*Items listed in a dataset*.
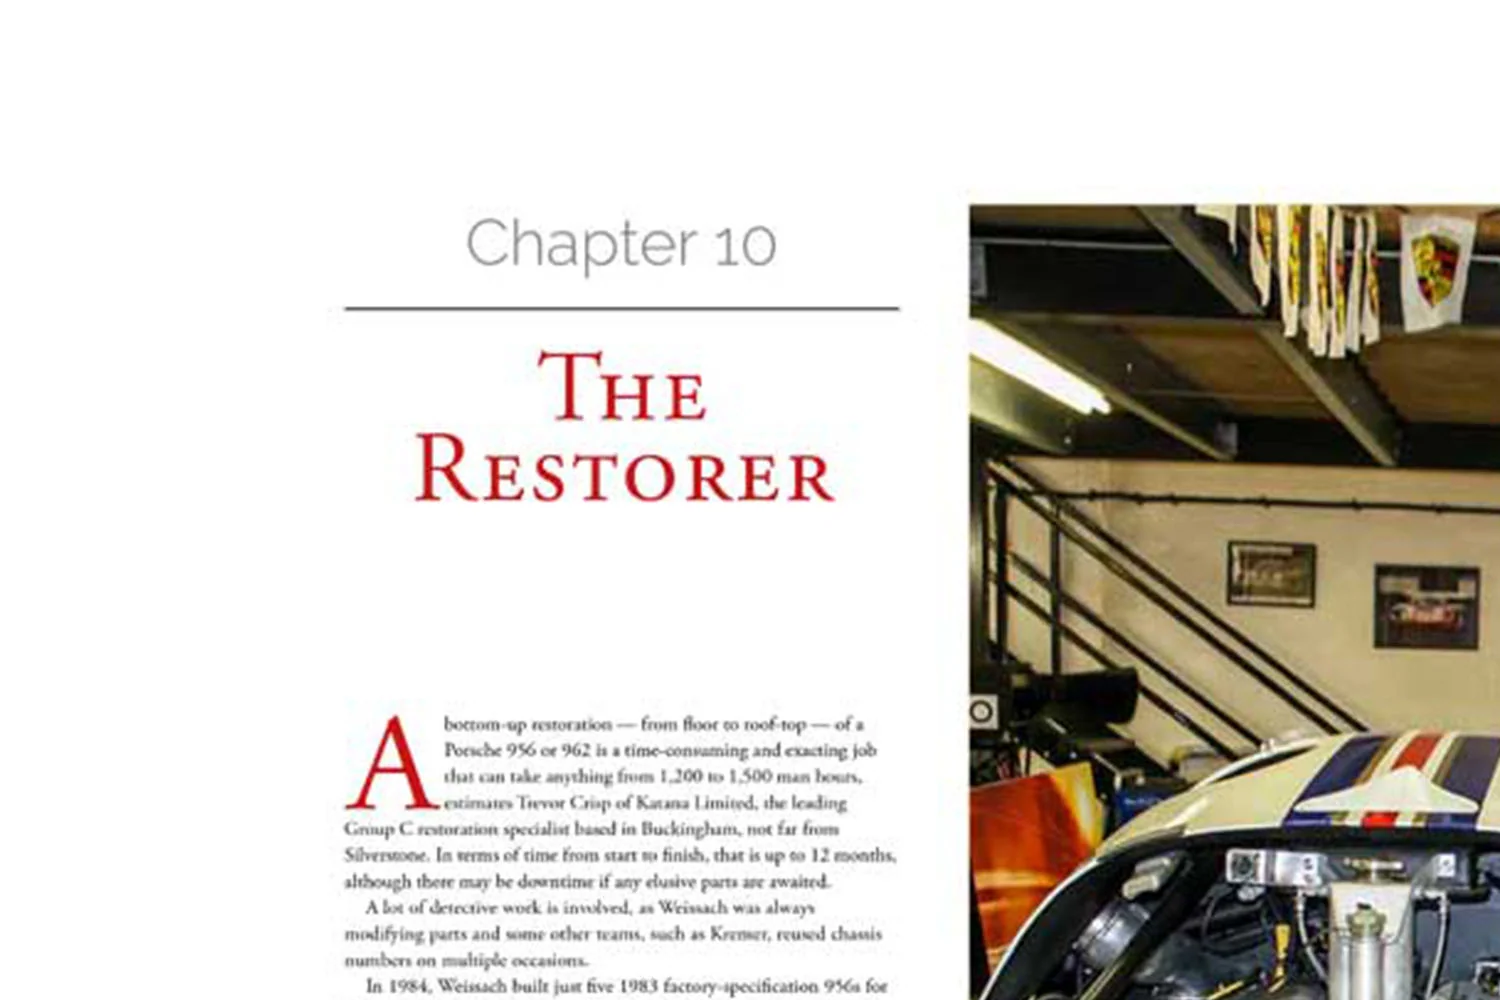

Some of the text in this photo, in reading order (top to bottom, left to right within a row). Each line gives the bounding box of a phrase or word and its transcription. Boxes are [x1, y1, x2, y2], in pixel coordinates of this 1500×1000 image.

[466, 217, 777, 280] Chapter 10
[536, 348, 708, 423] THE
[413, 431, 837, 504] RESTORER
[343, 713, 441, 812] A
[444, 740, 503, 759] Porsche
[506, 741, 537, 758] 956
[540, 745, 558, 758] or
[561, 741, 591, 759] 962
[595, 743, 608, 758] is
[624, 742, 749, 763] time-consuming
[752, 740, 782, 759] and
[784, 742, 848, 764] exacting
[852, 741, 878, 761] job
[444, 766, 474, 785] that
[478, 772, 506, 785] can
[509, 767, 542, 784] take
[545, 766, 614, 789] anything
[617, 767, 655, 785] from
[661, 767, 704, 785] 1,200
[707, 771, 725, 784] to
[730, 767, 774, 785] 1,500
[776, 772, 811, 785] man
[343, 821, 396, 842] Group
[417, 824, 499, 837] restoration
[503, 819, 570, 842] specialist
[574, 819, 617, 838] based
[621, 824, 637, 837] in
[641, 819, 742, 842] Buckingham,
[747, 824, 773, 837] not
[777, 818, 797, 837] far
[802, 820, 840, 837] from
[345, 872, 412, 895] although
[416, 872, 455, 890] there
[458, 877, 492, 894] may
[495, 872, 514, 890] be
[517, 872, 594, 890] downtime
[598, 872, 611, 890] if
[614, 877, 643, 894] any
[645, 872, 697, 890] elusive
[700, 876, 739, 895] parts
[742, 877, 765, 890] are
[366, 976, 383, 995] In
[437, 976, 508, 995] Weissach
[511, 977, 549, 995] built
[554, 980, 582, 997] just
[586, 976, 614, 995] five
[621, 978, 659, 995] 1983
[663, 976, 819, 1000] factory-specification
[823, 978, 861, 994] 956s
[865, 976, 888, 995] for
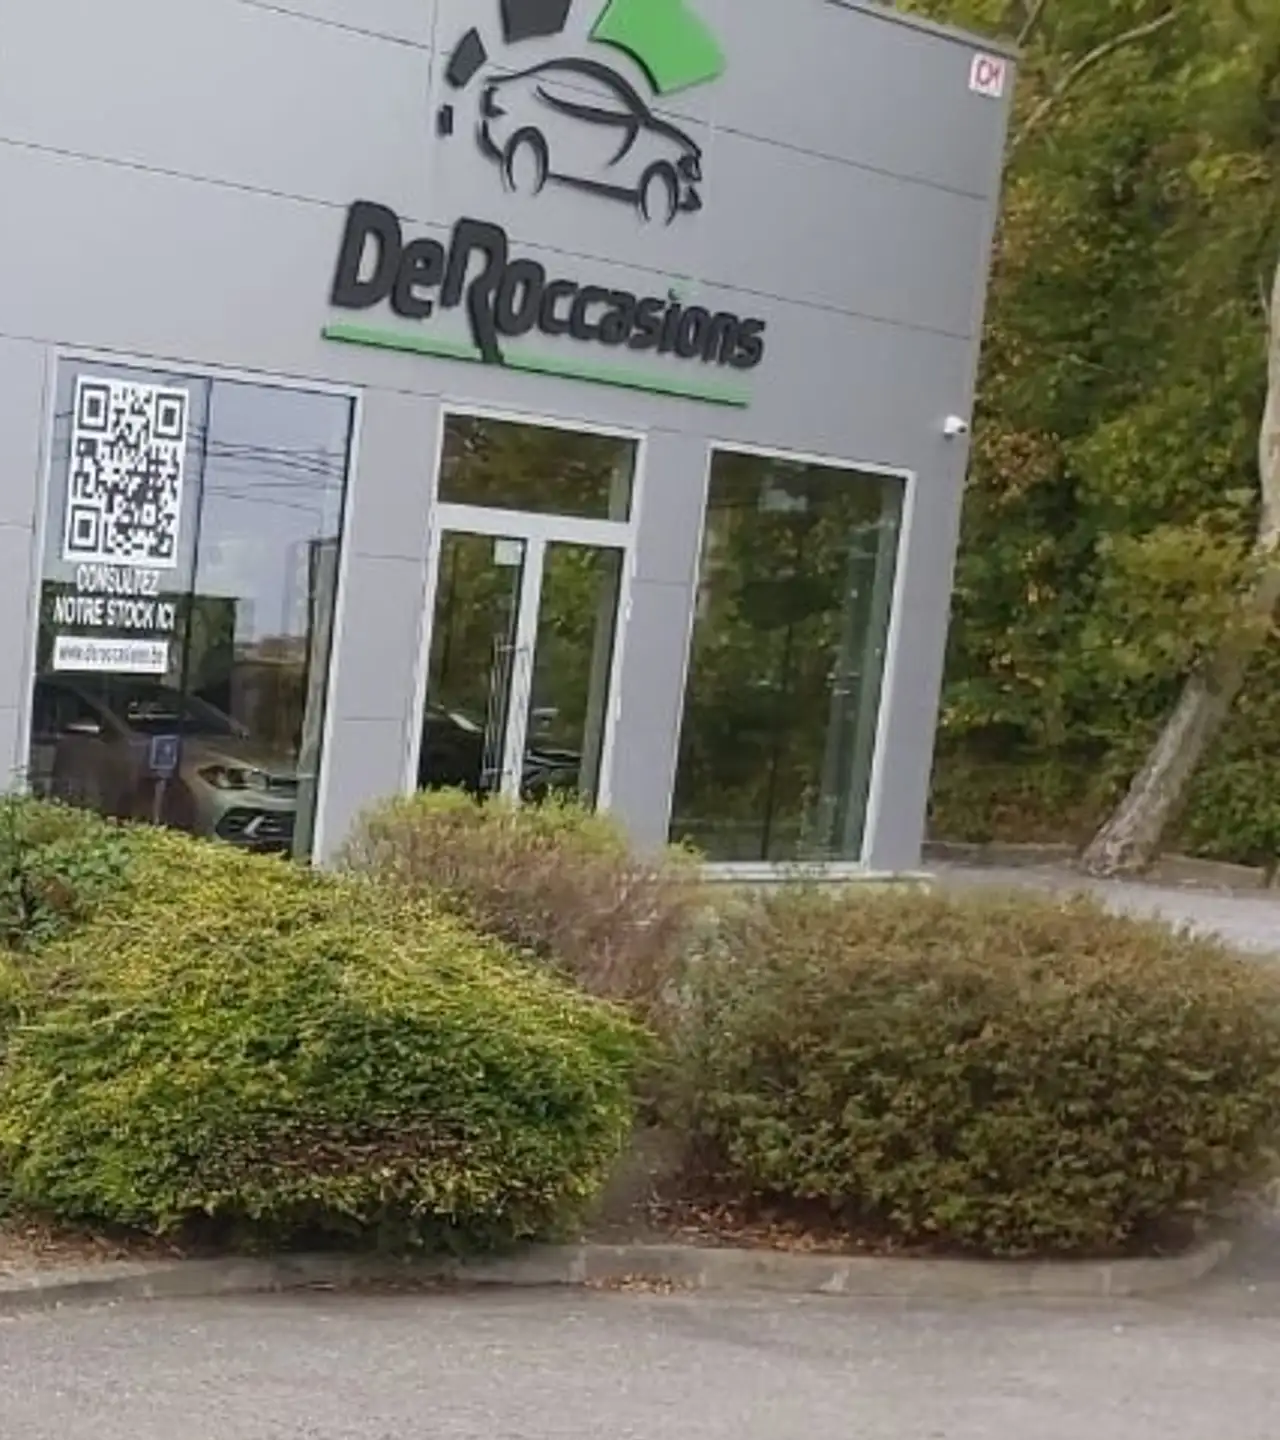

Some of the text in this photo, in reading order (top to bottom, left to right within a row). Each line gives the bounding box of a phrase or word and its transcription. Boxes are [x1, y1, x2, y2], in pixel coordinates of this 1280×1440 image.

[76, 564, 160, 596] CONSULTEZ
[53, 595, 105, 626] NOTRE
[106, 600, 155, 628] STOCK
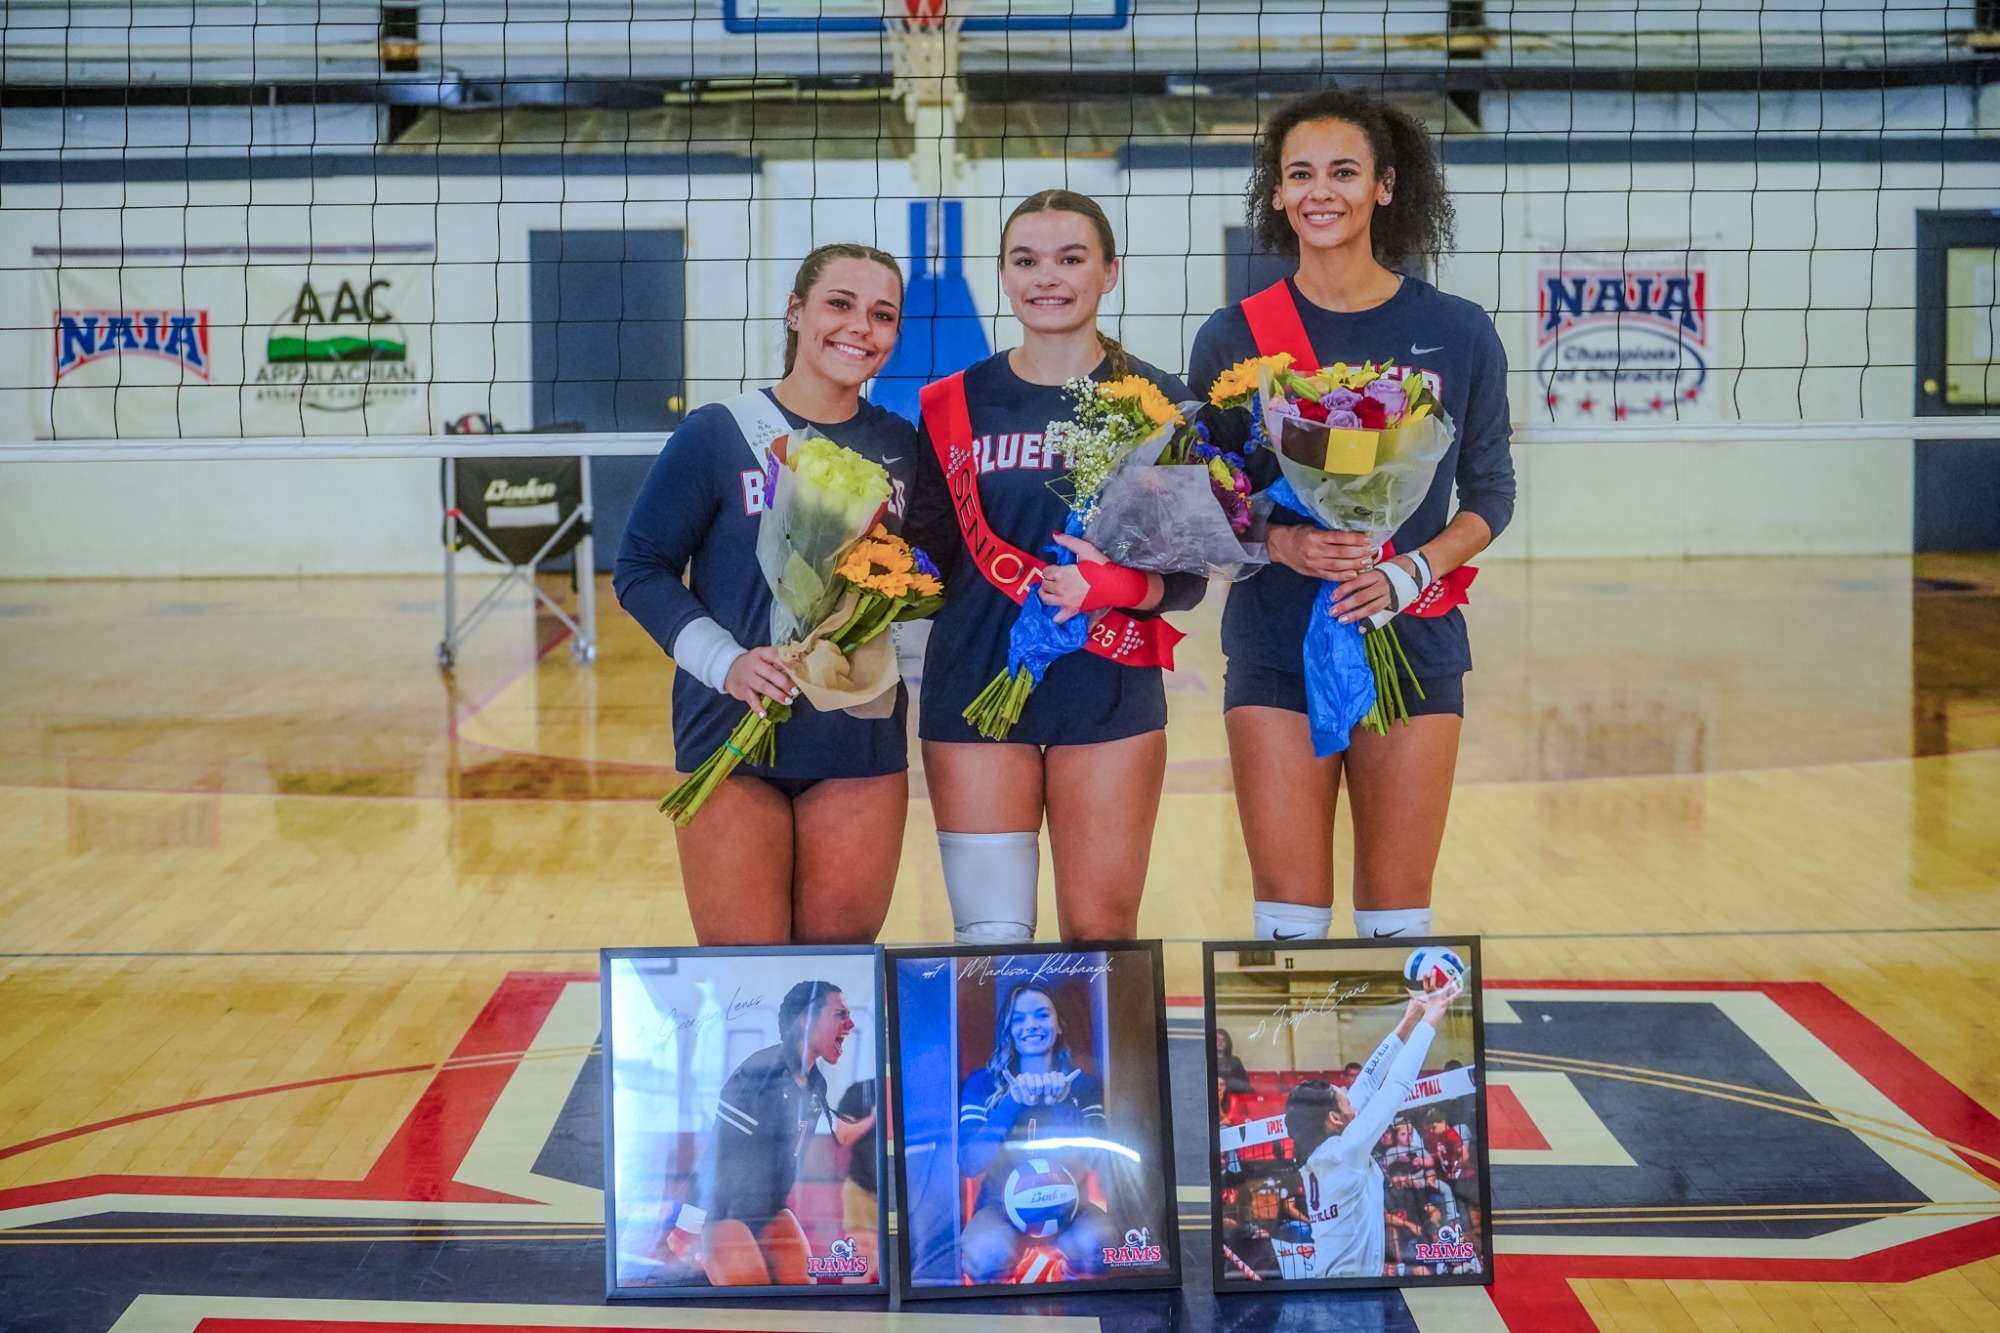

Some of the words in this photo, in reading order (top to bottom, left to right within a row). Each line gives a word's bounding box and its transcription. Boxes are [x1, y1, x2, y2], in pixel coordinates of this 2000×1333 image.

[292, 280, 392, 323] AAC
[1545, 277, 1697, 333] NAIA
[59, 316, 203, 368] NAIA
[255, 364, 417, 383] APPALACHIAN
[957, 956, 1034, 986] Madison
[1030, 951, 1114, 984] Rodabaugh
[1103, 1245, 1160, 1264] RAMS
[1416, 1242, 1474, 1259] RAMS
[808, 1257, 867, 1273] RAMS

*YOUR OBJECTIVE*. Reproduce the entries above without change, omitting all pictures.

*SOLVED PROBLEM*.
Some of the text in this photo, in reading order (top to bottom, left to right within a row). Each line gives the bounding box of a phrase or word and its transcription. Boxes are [x1, y1, x2, y2], in pixel coordinates of this 1500×1000 image.

[466, 217, 777, 280] Chapter 10
[536, 348, 708, 423] THE
[413, 431, 837, 504] RESTORER
[343, 713, 441, 812] A
[444, 740, 503, 759] Porsche
[506, 741, 537, 758] 956
[540, 745, 558, 758] or
[561, 741, 591, 759] 962
[595, 743, 608, 758] is
[624, 742, 749, 763] time-consuming
[752, 740, 782, 759] and
[784, 742, 848, 764] exacting
[852, 741, 878, 761] job
[444, 766, 474, 785] that
[478, 772, 506, 785] can
[509, 767, 542, 784] take
[545, 766, 614, 789] anything
[617, 767, 655, 785] from
[661, 767, 704, 785] 1,200
[707, 771, 725, 784] to
[730, 767, 774, 785] 1,500
[776, 772, 811, 785] man
[343, 821, 396, 842] Group
[417, 824, 499, 837] restoration
[503, 819, 570, 842] specialist
[574, 819, 617, 838] based
[621, 824, 637, 837] in
[641, 819, 742, 842] Buckingham,
[747, 824, 773, 837] not
[777, 818, 797, 837] far
[802, 820, 840, 837] from
[345, 872, 412, 895] although
[416, 872, 455, 890] there
[458, 877, 492, 894] may
[495, 872, 514, 890] be
[517, 872, 594, 890] downtime
[598, 872, 611, 890] if
[614, 877, 643, 894] any
[645, 872, 697, 890] elusive
[700, 876, 739, 895] parts
[742, 877, 765, 890] are
[366, 976, 383, 995] In
[437, 976, 508, 995] Weissach
[511, 977, 549, 995] built
[554, 980, 582, 997] just
[586, 976, 614, 995] five
[621, 978, 659, 995] 1983
[663, 976, 819, 1000] factory-specification
[823, 978, 861, 994] 956s
[865, 976, 888, 995] for

Some of the text in this photo, in reading order (top to bottom, left to right within a row). Each line gives the bounding box of a phrase or word and its transcription. Boxes are [x1, y1, x2, y2], in pixel coordinates of this 1280×1440 image.

[76, 564, 160, 596] CONSULTEZ
[53, 595, 105, 626] NOTRE
[106, 600, 155, 628] STOCK

Some of the words in this photo, in reading order (top to bottom, left to right within a row). Each line gives a word's bounding box and its transcription. Boxes are [x1, y1, x2, y2], in pixel coordinates of this 2000×1333 image.

[292, 280, 392, 323] AAC
[1545, 277, 1697, 333] NAIA
[59, 316, 203, 368] NAIA
[255, 364, 417, 383] APPALACHIAN
[957, 956, 1034, 986] Madison
[1030, 951, 1114, 984] Rodabaugh
[1103, 1245, 1160, 1264] RAMS
[1416, 1242, 1474, 1259] RAMS
[808, 1257, 867, 1273] RAMS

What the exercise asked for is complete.